[Opening EXTRACTED DATA section]
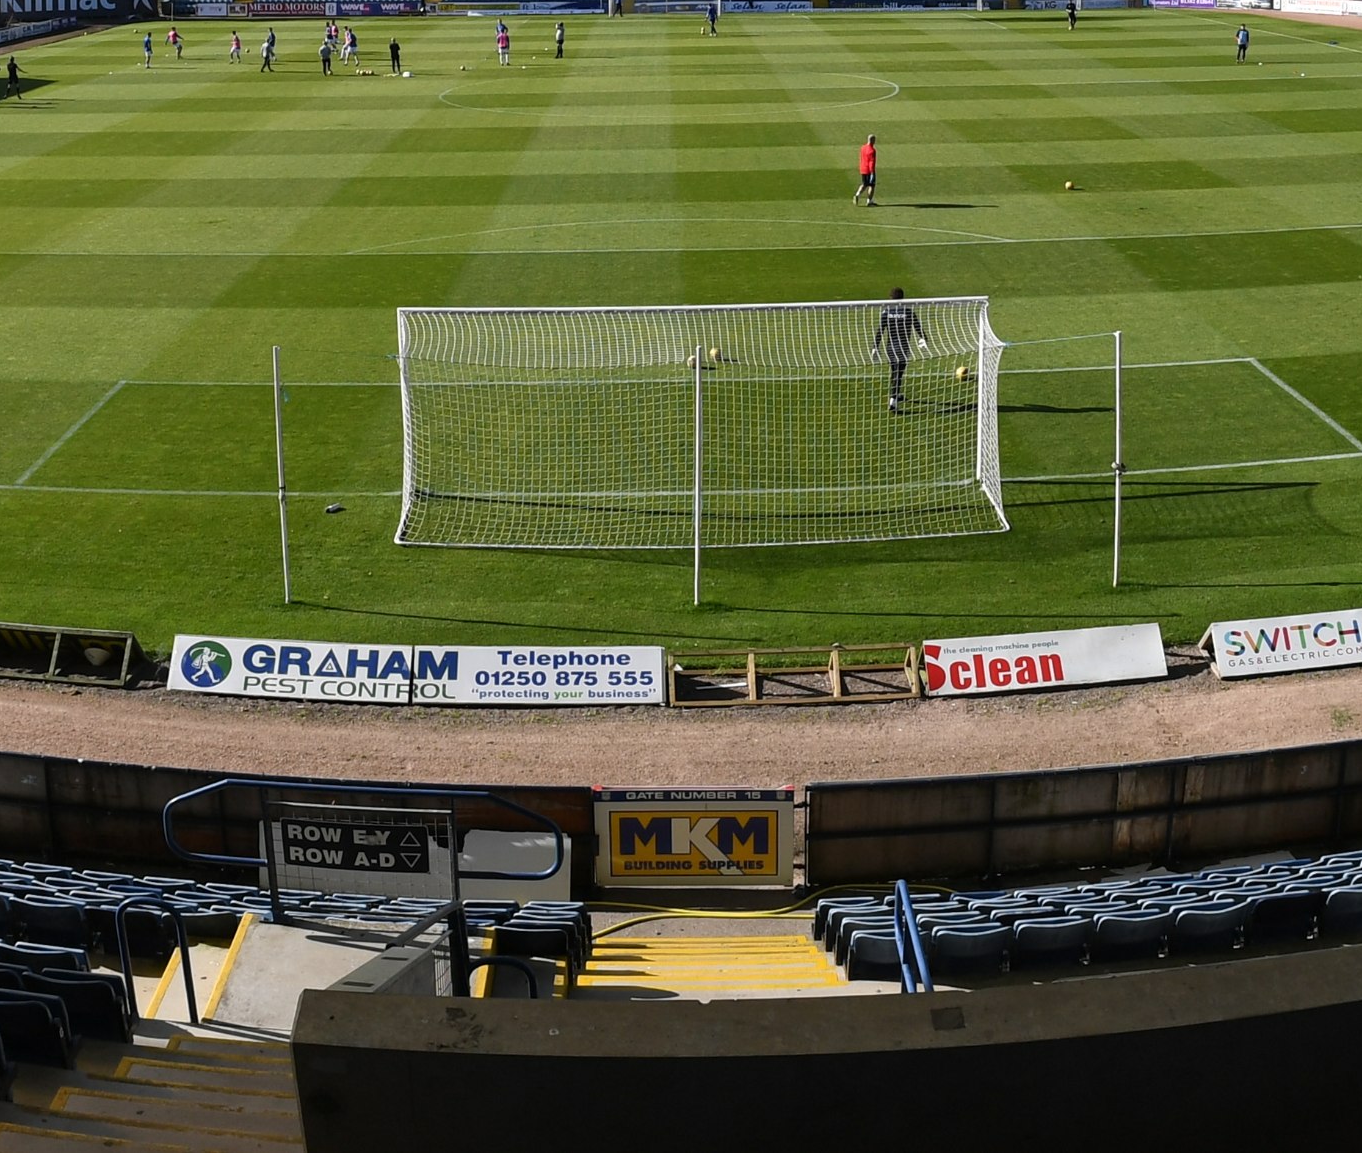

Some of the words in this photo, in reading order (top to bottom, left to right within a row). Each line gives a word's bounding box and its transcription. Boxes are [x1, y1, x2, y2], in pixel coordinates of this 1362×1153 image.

[249, 4, 283, 12] METRO
[286, 3, 325, 11] MOTORS
[1223, 619, 1360, 657] SWITCH
[943, 647, 957, 655] the
[959, 644, 993, 655] cleaning
[995, 641, 1029, 652] machine
[1031, 640, 1059, 651] people
[243, 645, 458, 680] GRAHAM
[498, 650, 631, 668] Telephone
[476, 670, 546, 687] 01250
[555, 670, 597, 686] 875
[608, 670, 654, 686] 555
[243, 677, 314, 695] PEST
[320, 679, 456, 700] CONTROL
[553, 690, 583, 701] your
[625, 791, 669, 800] GATE
[674, 791, 739, 800] NUMBER
[745, 791, 761, 800] 15
[287, 824, 342, 842] ROW
[619, 816, 770, 875] MKM
[289, 847, 344, 865] ROW
[354, 851, 395, 868] A-D
[623, 861, 694, 870] BUILDING
[698, 860, 765, 870] SUPPLIES
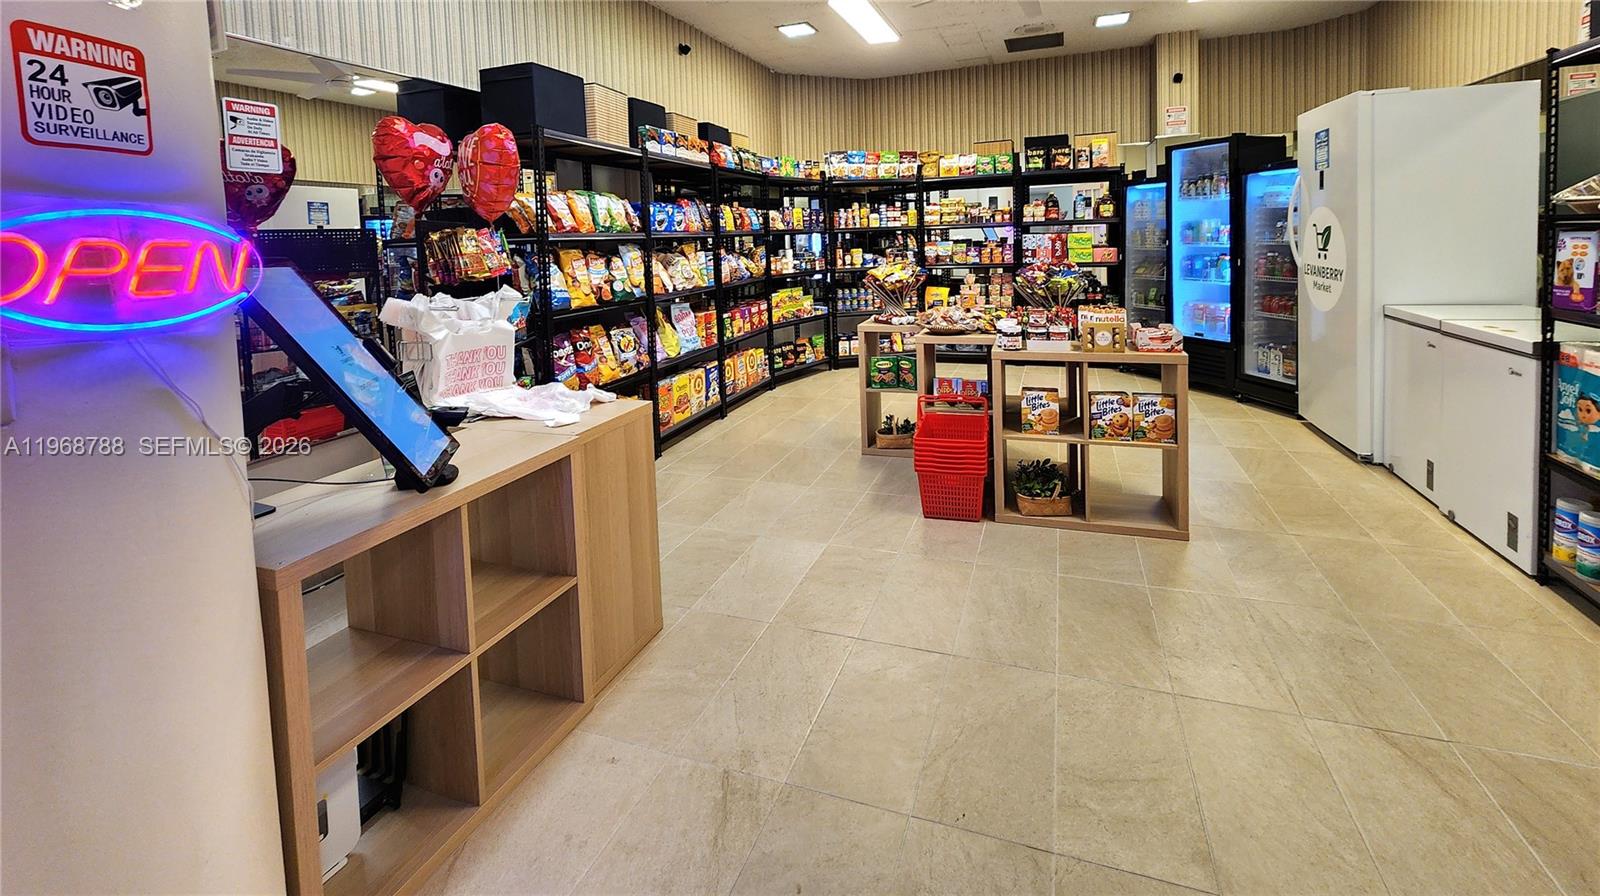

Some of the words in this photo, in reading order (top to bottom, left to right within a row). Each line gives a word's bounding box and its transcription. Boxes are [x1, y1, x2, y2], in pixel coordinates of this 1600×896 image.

[25, 27, 137, 72] WARNING
[26, 58, 69, 87] 24
[29, 84, 72, 104] HOUR
[32, 102, 95, 125] VIDEO
[230, 102, 271, 115] WARNING
[33, 120, 146, 145] SURVEILLANCE
[231, 135, 275, 147] ADVERTENCIA
[1303, 262, 1344, 282] LEVANBERRY
[1312, 280, 1332, 293] Market
[1095, 314, 1125, 322] nutella
[1025, 393, 1044, 406] Little
[1031, 401, 1051, 411] Bites
[1096, 398, 1116, 411] Little
[1138, 399, 1158, 413] Little
[1102, 406, 1122, 416] Bites
[1144, 407, 1166, 418] Bites
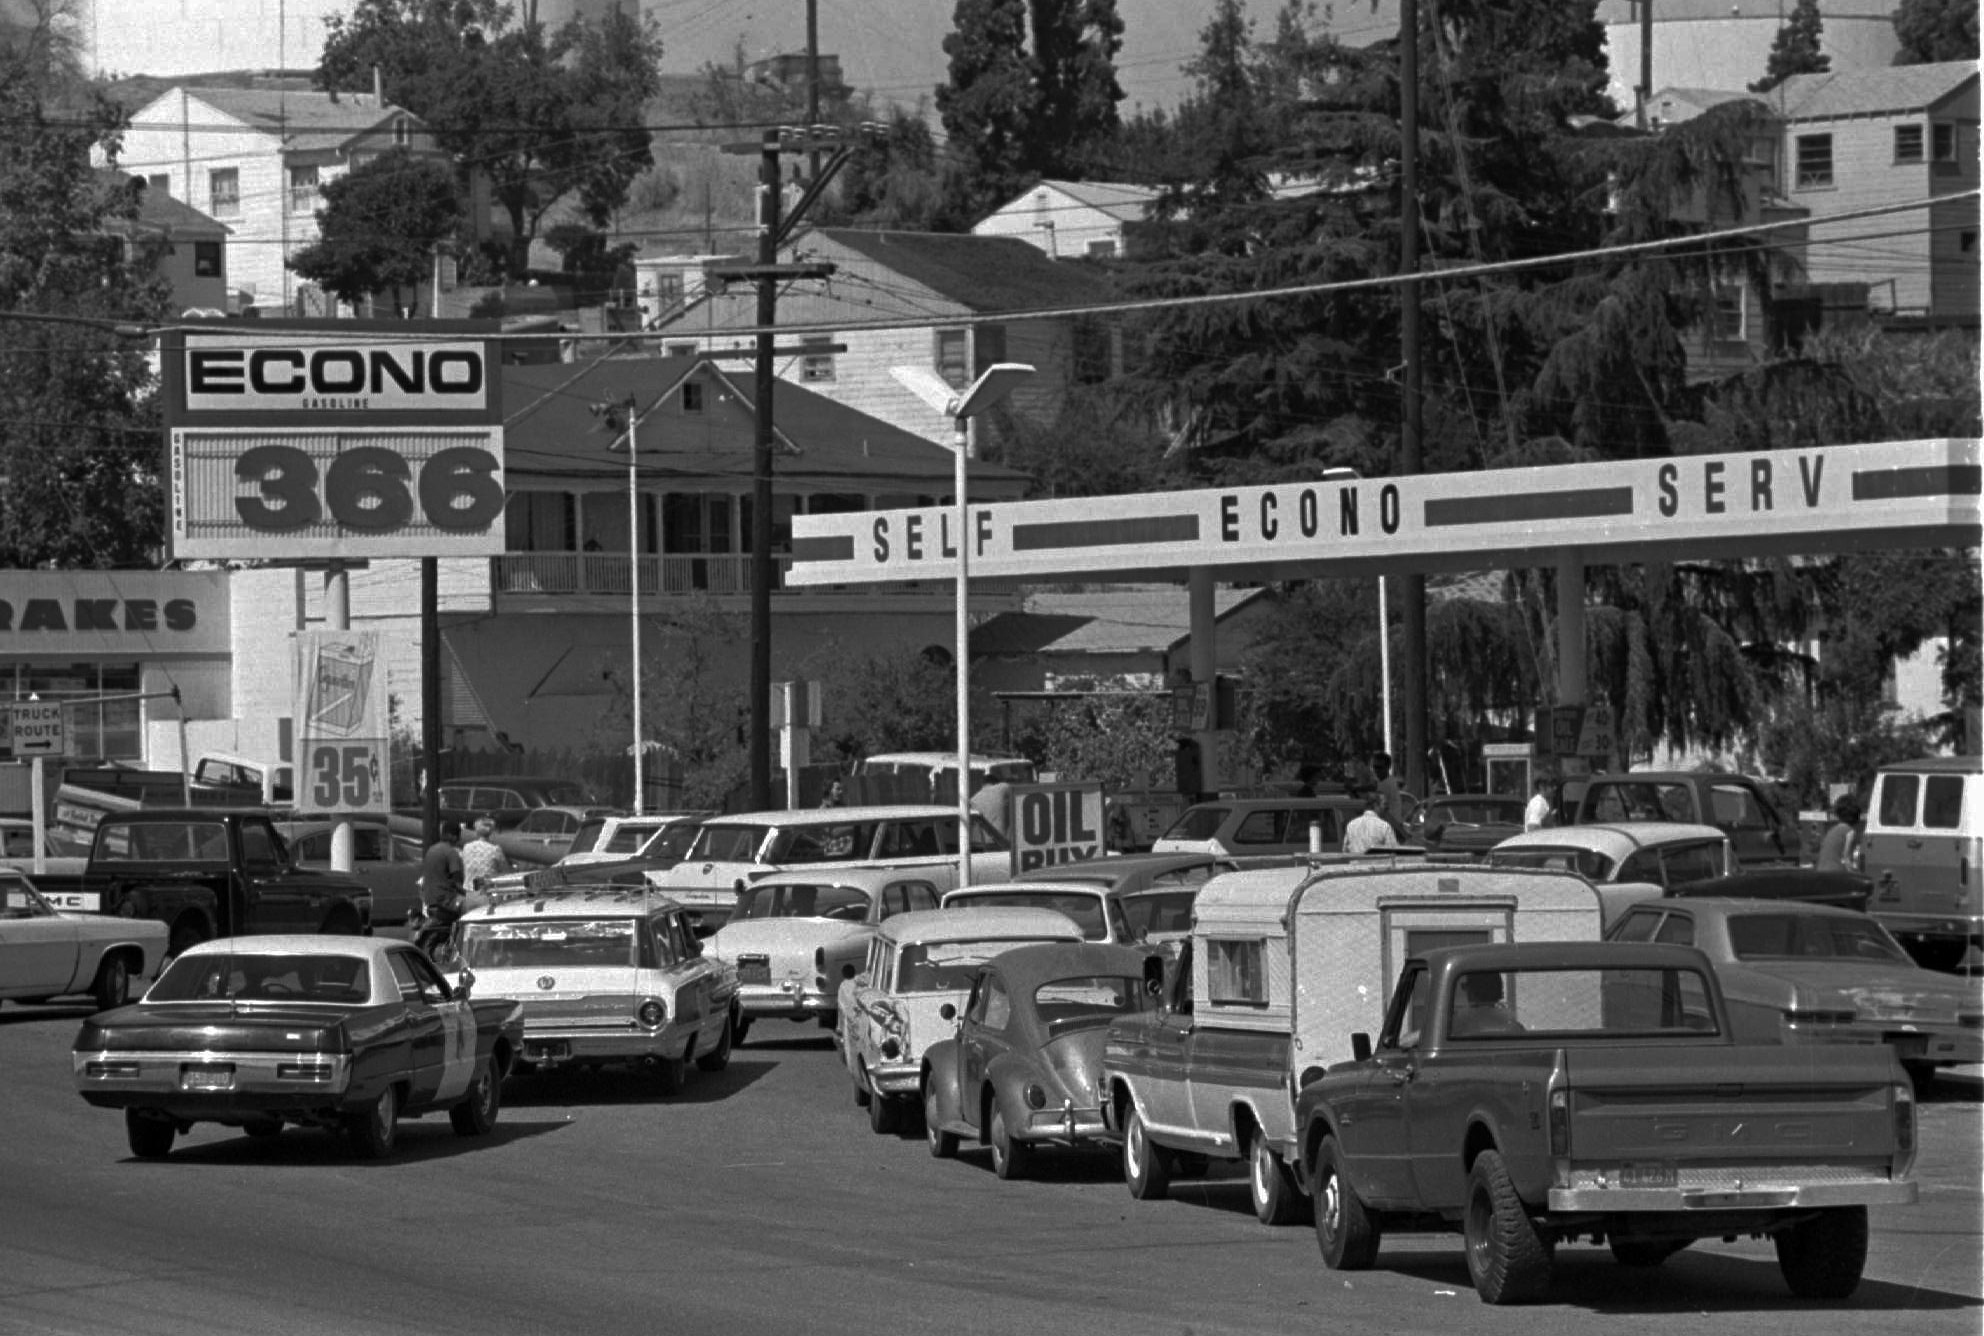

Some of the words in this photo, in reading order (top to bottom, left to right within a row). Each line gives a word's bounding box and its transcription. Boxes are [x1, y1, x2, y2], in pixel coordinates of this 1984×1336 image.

[191, 350, 482, 394] ECONO
[302, 398, 368, 409] GASOLINE
[173, 434, 183, 531] GASOLINE
[234, 444, 505, 536] 366
[872, 510, 993, 563] SELF
[1221, 483, 1400, 542] ECONO
[1658, 454, 1824, 518] SERV
[13, 708, 60, 720] TRUCK
[15, 724, 60, 737] ROUTE
[1022, 790, 1096, 846] OIL
[44, 896, 82, 907] MC
[Closing EXTRACTED DATA section]
Repeat the data exactly, excluding the pictures.

Some of the words in this photo, in reading order (top to bottom, left to right within a row). Each line gives a word's bounding box and its transcription. Boxes are [x1, y1, x2, y2], in pixel coordinates of this 1362×1153 image.

[249, 4, 283, 12] METRO
[286, 3, 325, 11] MOTORS
[1223, 619, 1360, 657] SWITCH
[943, 647, 957, 655] the
[959, 644, 993, 655] cleaning
[995, 641, 1029, 652] machine
[1031, 640, 1059, 651] people
[243, 645, 458, 680] GRAHAM
[498, 650, 631, 668] Telephone
[476, 670, 546, 687] 01250
[555, 670, 597, 686] 875
[608, 670, 654, 686] 555
[243, 677, 314, 695] PEST
[320, 679, 456, 700] CONTROL
[553, 690, 583, 701] your
[625, 791, 669, 800] GATE
[674, 791, 739, 800] NUMBER
[745, 791, 761, 800] 15
[287, 824, 342, 842] ROW
[619, 816, 770, 875] MKM
[289, 847, 344, 865] ROW
[354, 851, 395, 868] A-D
[623, 861, 694, 870] BUILDING
[698, 860, 765, 870] SUPPLIES

Some of the words in this photo, in reading order (top to bottom, left to right within a row). Each line gives a word's bounding box and its transcription. Boxes are [x1, y1, x2, y2], in pixel coordinates of this 1600×896 image.

[25, 27, 137, 72] WARNING
[26, 58, 69, 87] 24
[29, 84, 72, 104] HOUR
[32, 102, 95, 125] VIDEO
[230, 102, 271, 115] WARNING
[33, 120, 146, 145] SURVEILLANCE
[231, 135, 275, 147] ADVERTENCIA
[1303, 262, 1344, 282] LEVANBERRY
[1312, 280, 1332, 293] Market
[1095, 314, 1125, 322] nutella
[1025, 393, 1044, 406] Little
[1031, 401, 1051, 411] Bites
[1096, 398, 1116, 411] Little
[1138, 399, 1158, 413] Little
[1102, 406, 1122, 416] Bites
[1144, 407, 1166, 418] Bites

Some of the words in this photo, in reading order (top to bottom, left to right within a row). Each line gives a word's bounding box and its transcription. Boxes are [x1, y1, x2, y2], in pixel coordinates of this 1984×1336 image.

[191, 350, 482, 394] ECONO
[302, 398, 368, 409] GASOLINE
[173, 434, 183, 531] GASOLINE
[234, 444, 505, 536] 366
[872, 510, 993, 563] SELF
[1221, 483, 1400, 542] ECONO
[1658, 454, 1824, 518] SERV
[13, 708, 60, 720] TRUCK
[15, 724, 60, 737] ROUTE
[1022, 790, 1096, 846] OIL
[44, 896, 82, 907] MC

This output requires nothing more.